Samsung moves further into 3D for denser flash

By Chris Edwards |  No Comments  |  Posted: June 16, 2021
Topics/Categories: Blog - EDA  |  Tags: , , , , ,  | Organizations:

Samsung described at VLSI Symposia this week how the company aims to implement its double-stack flash memory technology to push the number of layers in these devices to more than a hundred. In doing so, the company has identified ways to scale down device dimensions for further capacity gains.

Jun Hyoung Kim, senior engineer at Samsung, said the problem for conventional vertical-string flash structures is they are reaching the limit of what etch and deposition technologies can cope with. “It was necessary to prepare an infrastructure that would allow a next-generation device,” he said.
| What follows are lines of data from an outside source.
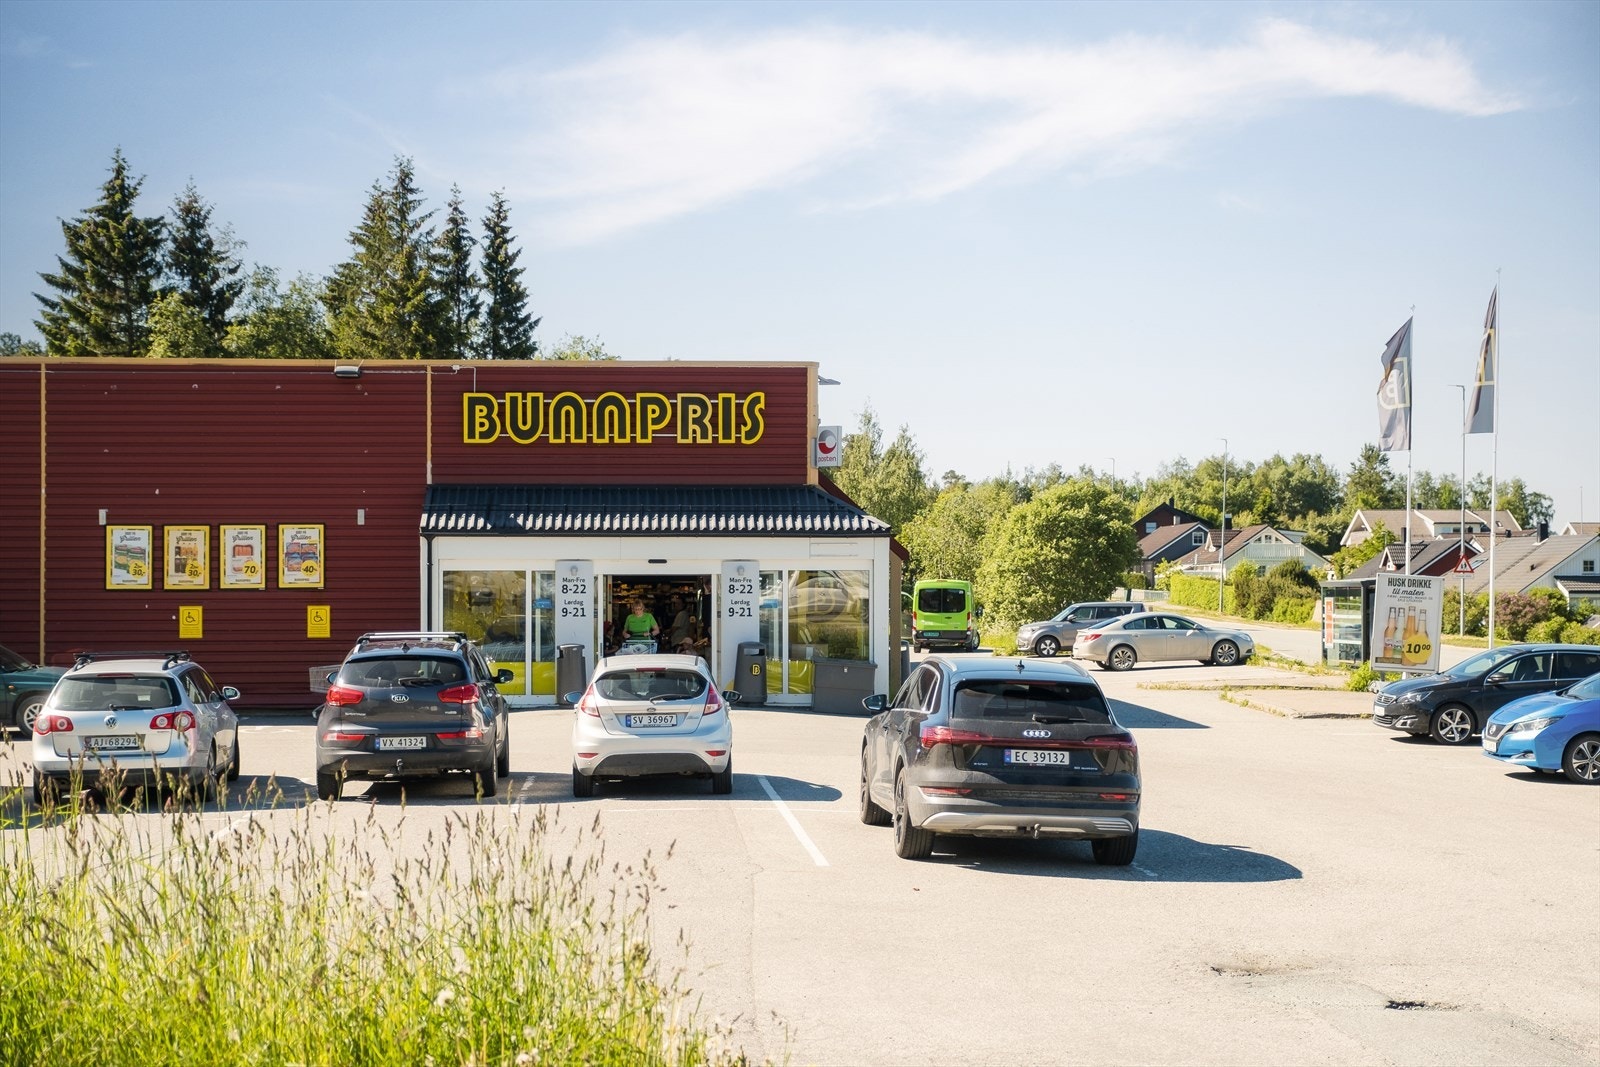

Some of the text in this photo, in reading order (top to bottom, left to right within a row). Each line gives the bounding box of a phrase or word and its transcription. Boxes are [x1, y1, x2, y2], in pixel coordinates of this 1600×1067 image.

[463, 391, 765, 445] BUNNPRIS
[1387, 577, 1432, 589] HUSK DRIKKE
[561, 584, 587, 594] 8-22
[728, 584, 753, 594] 8-22
[561, 607, 586, 617] 9-21
[728, 607, 752, 617] 9-21
[632, 715, 674, 724] SV 36967
[93, 737, 137, 747] AJ 68294
[382, 737, 424, 747] VX 41324
[1015, 752, 1066, 763] EC 39132
The increasing problems facing future flash memories were largely due to the high aspect ratios needed to construct the holes into which the stacks of flash transistors are formed. According to Kim, the complexity of trying to stay with a single stack for what Samsung regards as its seventh generation of flash technology is more than four times what it was for the fourth and double that of the technology’s predecessor. A move to a process that forms two stacks in series reduces this process difficulty to less than that of the sixth-generation technology and only about 40 per cent more difficult than the fourth.
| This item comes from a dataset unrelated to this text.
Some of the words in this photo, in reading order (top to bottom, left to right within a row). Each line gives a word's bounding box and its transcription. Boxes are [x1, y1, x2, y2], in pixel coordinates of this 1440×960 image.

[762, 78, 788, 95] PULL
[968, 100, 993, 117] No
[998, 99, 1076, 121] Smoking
“It is more effective to increase the number of stacked layers. The double-stack process drastically lowered defects in manufacturing,” Kim claimed.

Samsung's seventh-generation flash uses two forms of additional stacking

Image Samsung's seventh-generation flash uses two forms of additional stacking

At the same time as switching to a double-stack process for the memory cells, Samsung has decided to make another transition into the third dimension by placing the memory array directly over the peripheral circuitry. Though this calls for more process steps to form interconnections, Samsung found the cost crossover for this cell-over-peripheral (COP) approach would take place between the sixth and seventh generations. The rearrangement of the peripheral circuitry, which reduced the distance to the cells, has improved read times by just over 10 per cent and programming times by 20 per cent.
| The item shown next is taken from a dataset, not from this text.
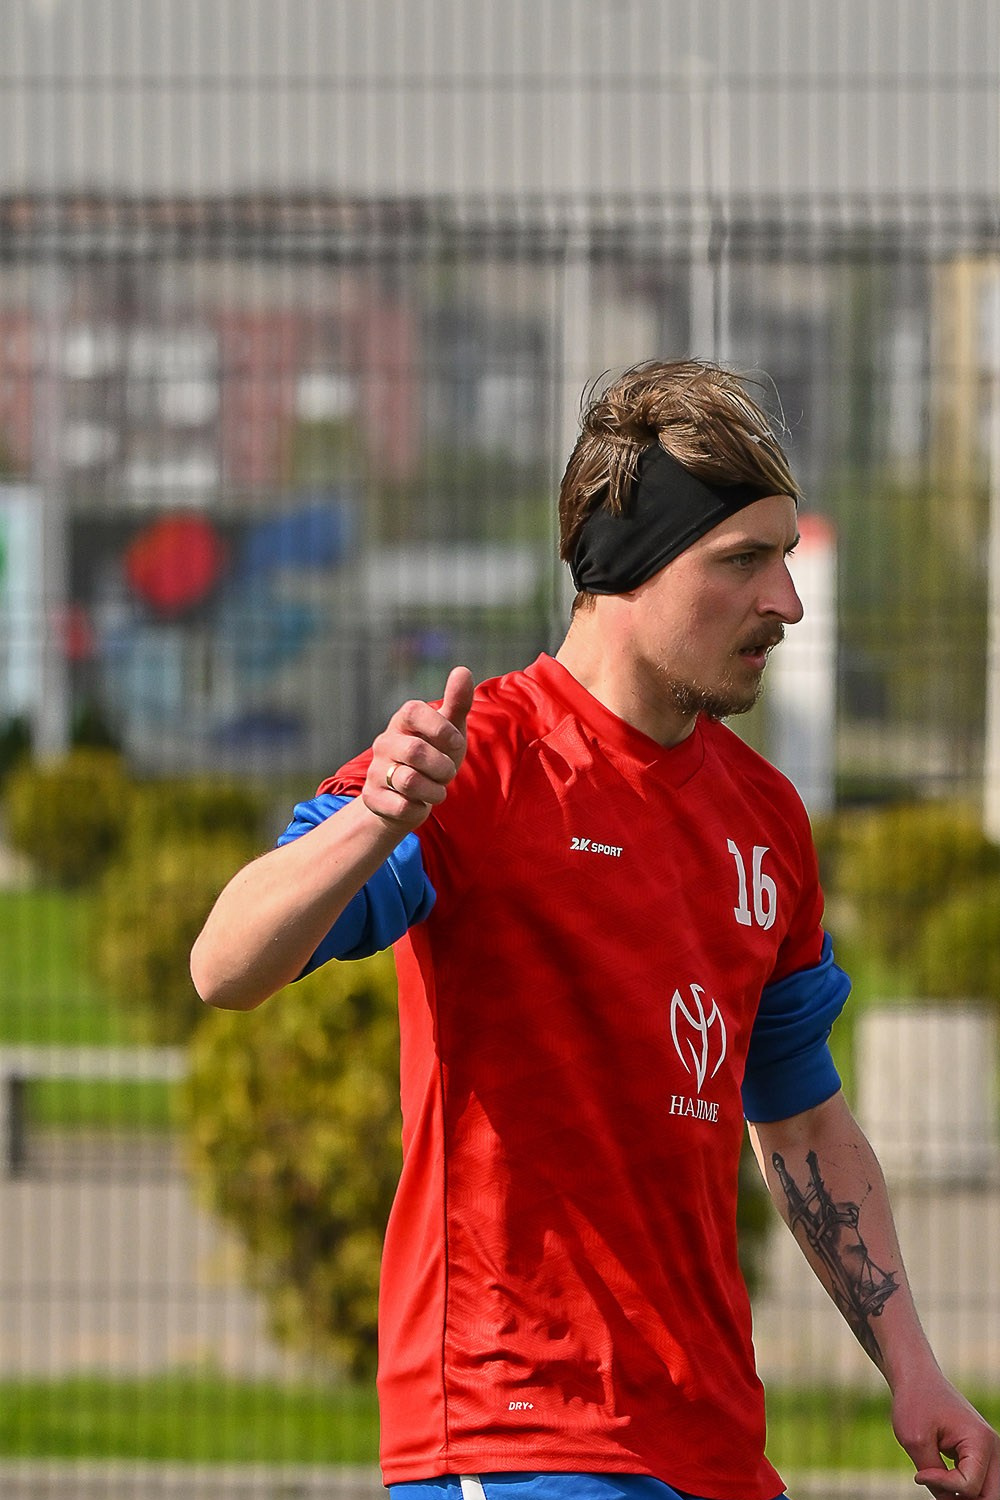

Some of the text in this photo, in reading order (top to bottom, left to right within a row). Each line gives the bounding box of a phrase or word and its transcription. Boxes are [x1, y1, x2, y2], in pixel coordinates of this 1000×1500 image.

Samsung took advantage of the move to the double-stack process and its lower aspect ratios to reduce the channel-hole pitch and improve bit density further. The result is an architecture that allows for a density of 8.5Gb/mm2 and a 70 per cent increase in capacity over the previous generation.

Although the aspect ratios in each stack are lower, Samsung made process tweaks to address problems such as stacks leaning over by tuning the stress imposed by the deposition of tungsten metal for the word lines and other process steps. The process team also changed aspects such as how source lines are connection to the memory cells and used a multi-step etch technique to improve the quality of the contacts made by the tungsten lines.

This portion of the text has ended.